── Supplied data ──

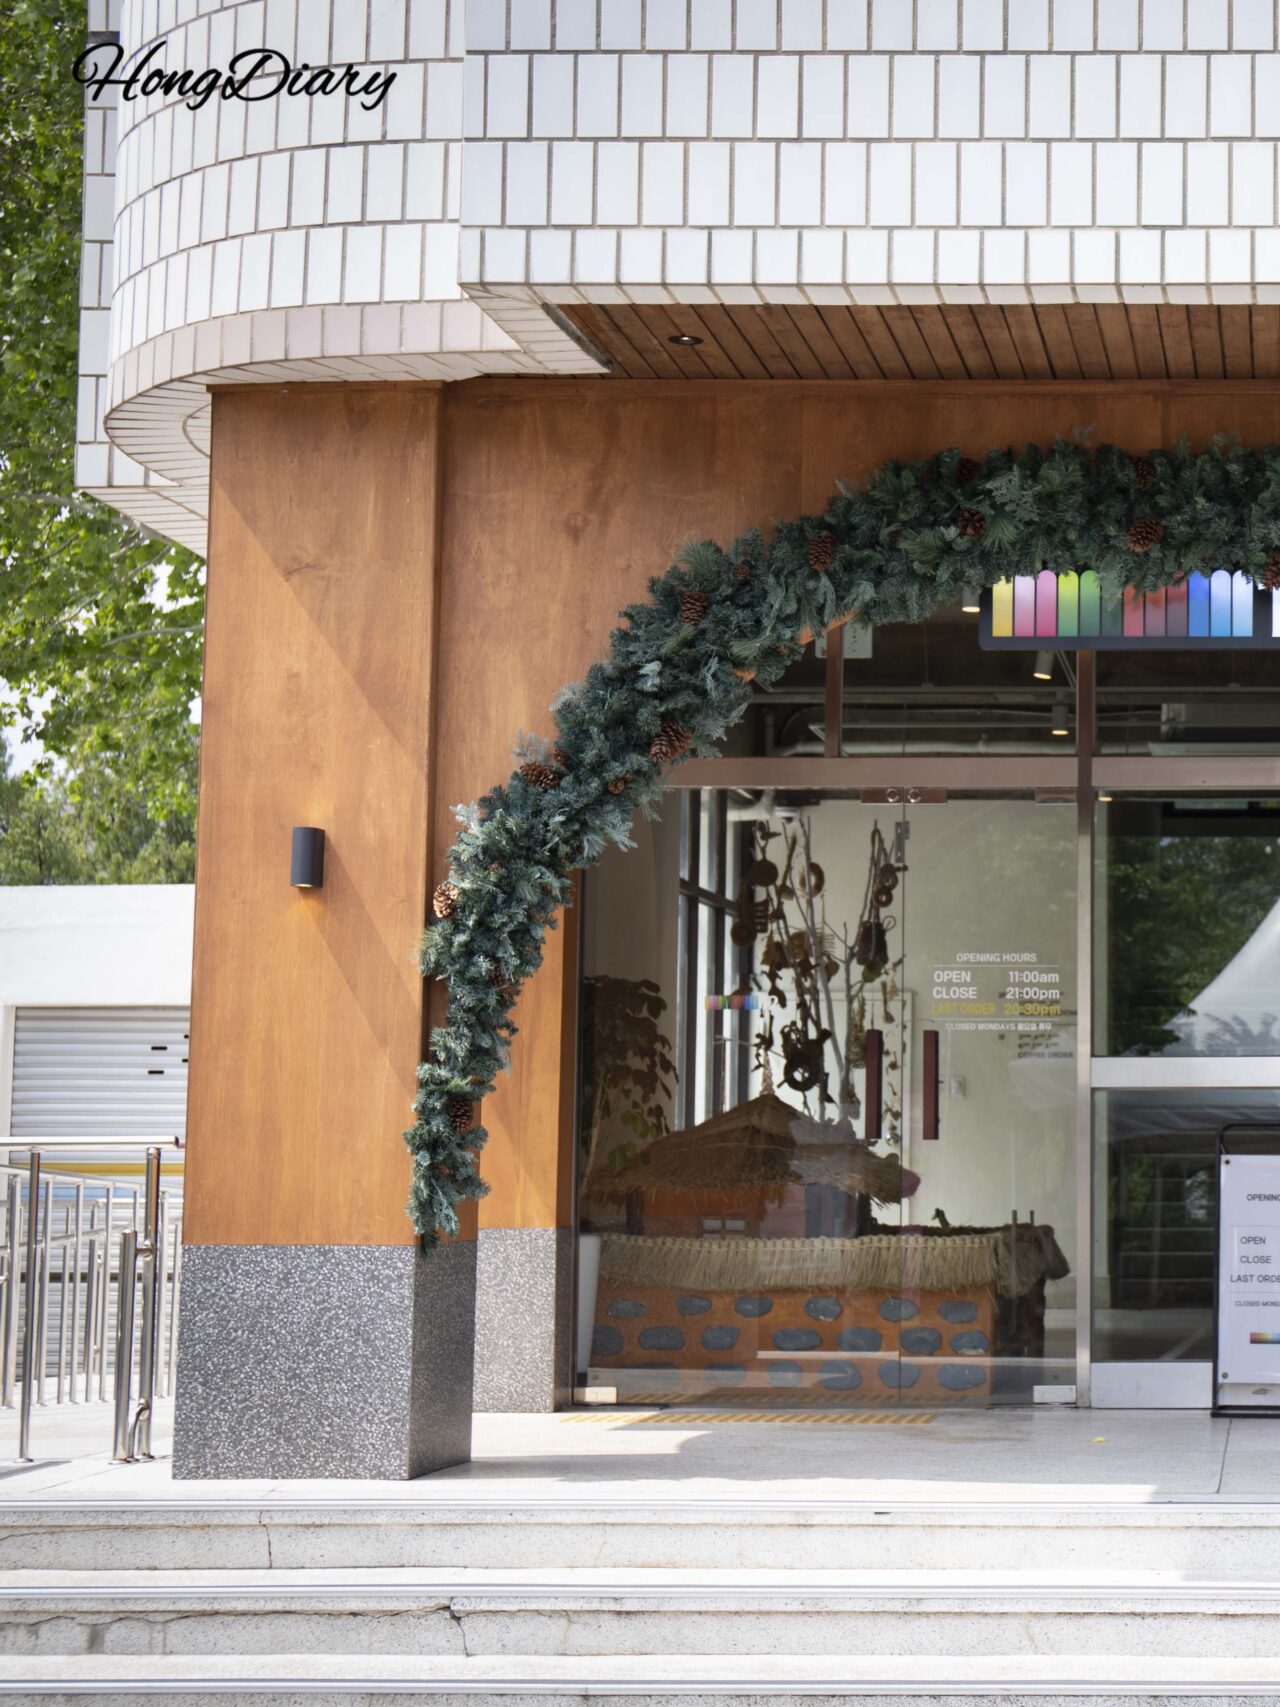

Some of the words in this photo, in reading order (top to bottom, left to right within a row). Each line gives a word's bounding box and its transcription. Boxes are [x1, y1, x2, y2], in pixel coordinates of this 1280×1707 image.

[956, 953, 1000, 962] OPENING
[1002, 953, 1037, 962] HOURS
[934, 971, 971, 983] OPEN
[1009, 971, 1060, 983] 11:00am
[932, 987, 977, 999] CLOSE
[1006, 987, 1060, 1001] 21:00pm
[931, 1003, 956, 1015] LAST
[960, 1003, 996, 1015] ORDER
[1003, 1003, 1061, 1016] 20:30pm
[945, 1023, 976, 1031] CLOSED
[977, 1023, 1016, 1031] MONDAYS
[1240, 1236, 1266, 1245] OPEN
[1240, 1256, 1272, 1264] CLOSE
[1230, 1275, 1254, 1283] LAST
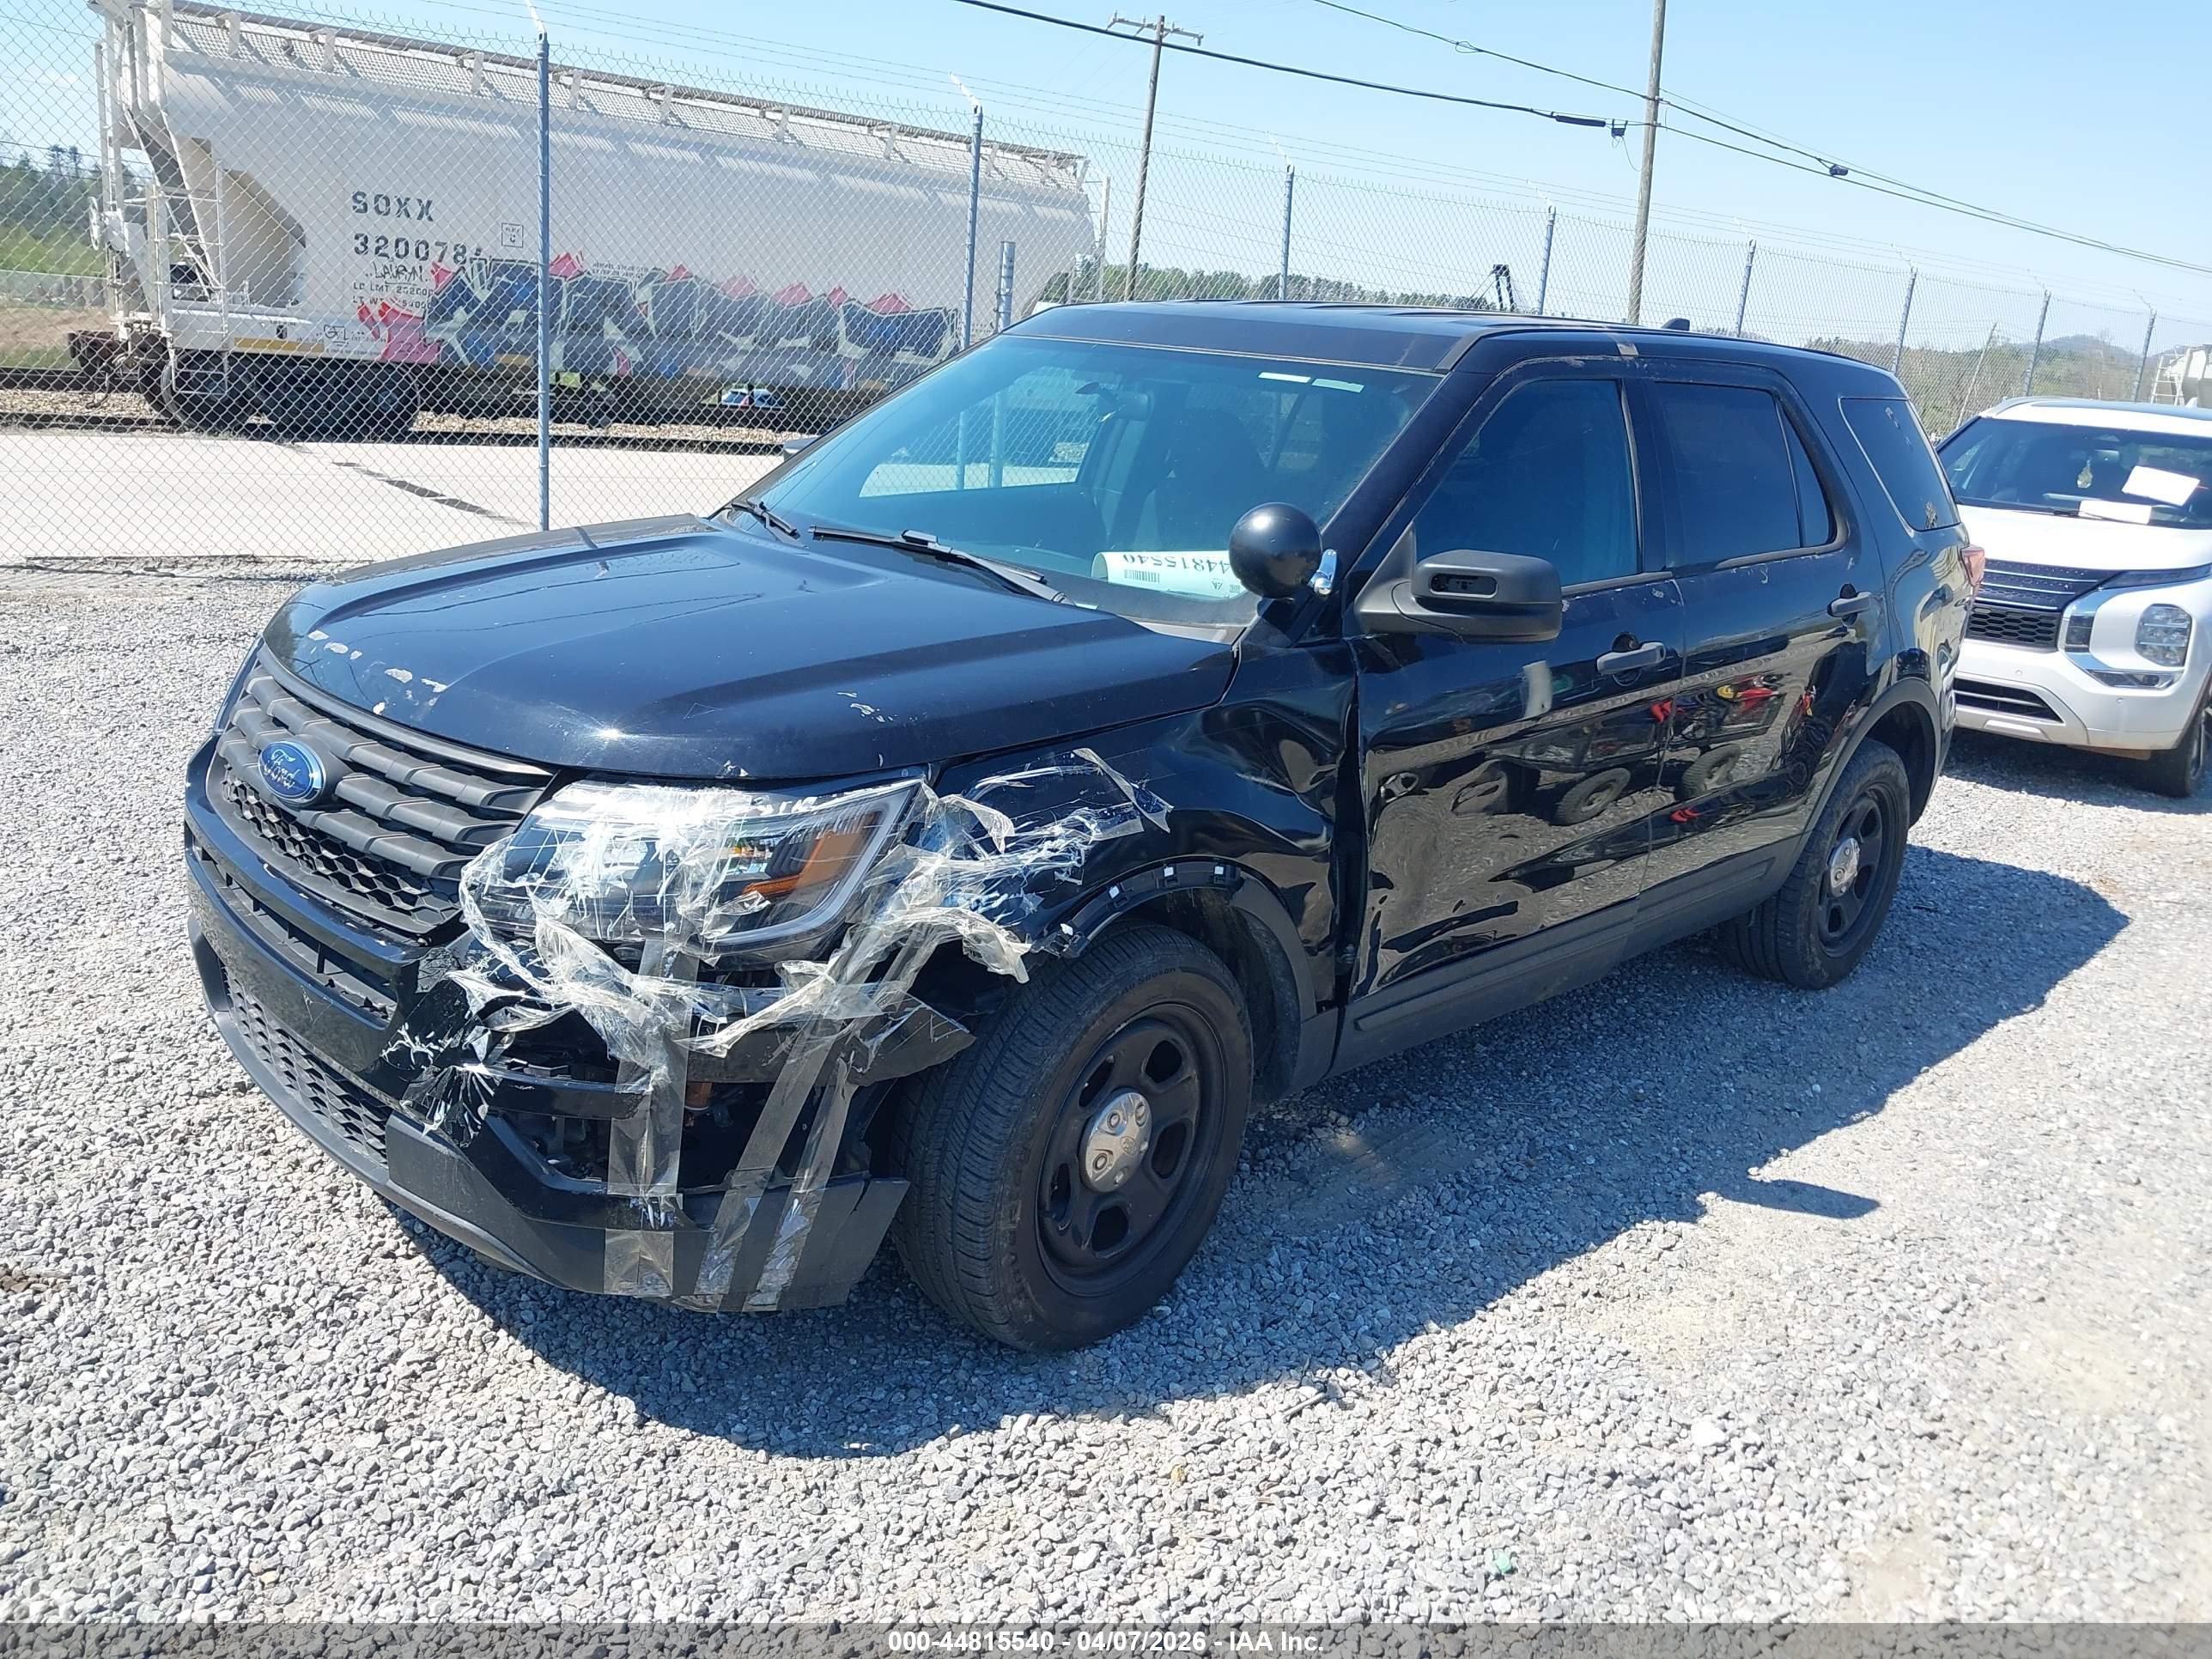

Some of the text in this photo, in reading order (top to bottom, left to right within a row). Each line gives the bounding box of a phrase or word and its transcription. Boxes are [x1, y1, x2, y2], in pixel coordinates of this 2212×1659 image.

───

Task details ::
Please copy out each line above exactly as written, but not the pictures.

Task result ::
Some of the words in this photo, in reading order (top to bottom, left to right within a row). Each line gives a word's bounding box and its transcription. Boxes are [x1, y1, x2, y2], in pixel coordinates of this 1280×1707 image.

[956, 953, 1000, 962] OPENING
[1002, 953, 1037, 962] HOURS
[934, 971, 971, 983] OPEN
[1009, 971, 1060, 983] 11:00am
[932, 987, 977, 999] CLOSE
[1006, 987, 1060, 1001] 21:00pm
[931, 1003, 956, 1015] LAST
[960, 1003, 996, 1015] ORDER
[1003, 1003, 1061, 1016] 20:30pm
[945, 1023, 976, 1031] CLOSED
[977, 1023, 1016, 1031] MONDAYS
[1240, 1236, 1266, 1245] OPEN
[1240, 1256, 1272, 1264] CLOSE
[1230, 1275, 1254, 1283] LAST

Some of the text in this photo, in reading order (top to bottom, left to right within a row). Each line gives the bounding box of a phrase or word and its transcription. Boxes are [x1, y1, x2, y2], in pixel coordinates of this 2212×1659 image.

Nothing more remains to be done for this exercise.